Colónias de abelhas oferecem um excelente ambiente para o desenvolvimento de patógenos microbianos. Os agentes bacterianos mais mortais e virulentos, que causam morte das colónias, são as bactérias que causam loque americana e a loque europeia. Além da defesa imunológica inata, as abelhas desenvolveram defesas comportamentais para combater infecções. O forrageamento de compostos de plantas antimicrobianas desempenha um papel fundamental para esse comportamento de “imunidade social”. Os metabólitos secundários das plantas no néctar floral são conhecidos pelos seus efeitos antimicrobianos. No entanto, estes compostos são altamente específicos da planta, e os efeitos na saúde das abelhas dependerão da origem floral do mel produzido. Como as abelhas obreiras alimentam também as larvas e outros membros da colónia, o mel é o principal candidato a agente de auto-medicação em colónias de abelhas para prevenir ou diminuir infecções. Aqui, nós testamos oito linhagens de bactérias de loque americana e loque europeia e a atividade inibitória no seu crescimento em três tipos de mel. Usando um ensaio de crescimento celular, verificámos que todos os méis têm alta atividade inibitória do crescimento das diversas bactérias e que dois méis monoflorais parecem ser específicos na inibição de apenas algumas estirpes de bactérias. A especificidade dos méis monoflorais e o forte potencial antimicrobiano do mel multifloral sugerem que a diversidade de méis presentes nas reservas de mel de uma colónia pode ser altamente benéfica para a sua “imunidade social” contra o conjunto altamente diversificado de patógenos encontrados na natureza. Essa diversidade ecológica pode, portanto, operar de forma semelhante aos efeitos bem conhecidos da variação genética do hospedeiro na corrida “às armas” entre hospedeiro e parasita.”

Aspectos de detalhe

“Durante a estação floral, as forrageiras colectam sequencialmente um conjunto de néctares florais, que são armazenados nos favos de mel. A seletividade da fonte de alimento da colónia em termos de néctar, como comportamento de decisão seletivo por abelhas forrageiras, é um processo de seleção natural entre fontes alternativas de néctar, incluindo eficácia e comunicação (Seeley et al., 1991). Assim, as forrageiras podem escolher entre uma mistura complexa de diferentes néctares, porque as reservas de mel se sobreporão à disponibilidade de flores que muda sazonalmente. […] Como o mel é o nutriente central para o desenvolvimento de larvas, a diversidade nas reservas de mel pode servir como uma “farmácia injetável” ricamente abastecida contra uma ampla variedade de doenças. Durante os primeiros 2 dias após a eclosão do ovo, a dieta larval consiste principalmente de componentes secretados pelas glândulas hipofaríngeas das abelhas, presumivelmente misturadas com mel. No entanto, a partir do terceiro dia, o mel e o pólen são adicionados à dieta e alimentadas diretamente às larvas das obreiras (Winston, 1987). Assim, as abelhas nutrizes estão na posição central da teia alimentar intracolonial e podem fornecer um mecanismo para promover o estado de saúde da colónia, alimentando seletivamente méis específicos em resposta a infecções específicas. Na verdade, as abelhas nutrizes têm demonstrado escolher o mel de acordo com seu próprio estado de saúde (Gherman et al. 2014). […] Além disso, as abelhas mostraram um forrageio selectivo entre resinas específicas, mesmo discriminando plantas resinosas estreitamente relacionadas (Wilson et al. 2013). Os autores concluíram que as abelhas podem fazer escolhas discretas entre as espécies de plantas de resina, confirmando ainda mais a comportamento seletivo entre os recursos específicos de promoção da saúde, independentemente da sua disponibilidade.[…]

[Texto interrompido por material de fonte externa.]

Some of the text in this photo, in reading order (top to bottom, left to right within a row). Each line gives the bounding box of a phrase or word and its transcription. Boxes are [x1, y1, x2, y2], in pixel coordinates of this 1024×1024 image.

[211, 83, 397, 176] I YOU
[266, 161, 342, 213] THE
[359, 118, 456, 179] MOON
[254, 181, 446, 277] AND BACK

Se as reservas de mel multifloral facilitarem a saúde das colónias, isso não seria apenas uma conquista evolutiva importante das colónias de abelhas, mas também teria profundas consequências para as práticas de apicultura. Os apicultores podem aproveitar os fluxos específicos de mel para proteger suas colónias contra doenças específicas. Além disso, os apicultores devem estar cientes de que a produção exclusiva de méis monoflorais pode ter consequências negativas para a saúde das colónias. Além disso, a alimentação de açúcar como fonte exclusiva de alimento durante o inverno pode aumentar a propensão da colónia para ser infectada por patógenos. Em conclusão, a biodiversidade floral de fontes de néctar para a colónia terá implicação direta para a saúde da colónia, com importância semelhante à diversidade genética da abelha.”

fonte: https://onlinelibrary.wiley.com/doi/full/10.1002/ece3.1252

Notas:

  • já se sabe há algum tempo que as dietas monoflorais provocam danos ao nível individual e ao nível da colónia de abelhas. Se estou certo as explicações enfatizava sobretudo a monodieta de pólen. Estes e outros estudos ajudam a identificar e compreender melhor e de forma mais abrangente os aspectos subjacentes a este fenómeno;
  • reforço que os autores mencionam que o açúcar como fonte exclusiva de alimento durante o inverno pode fragilizar as defesas da colónia.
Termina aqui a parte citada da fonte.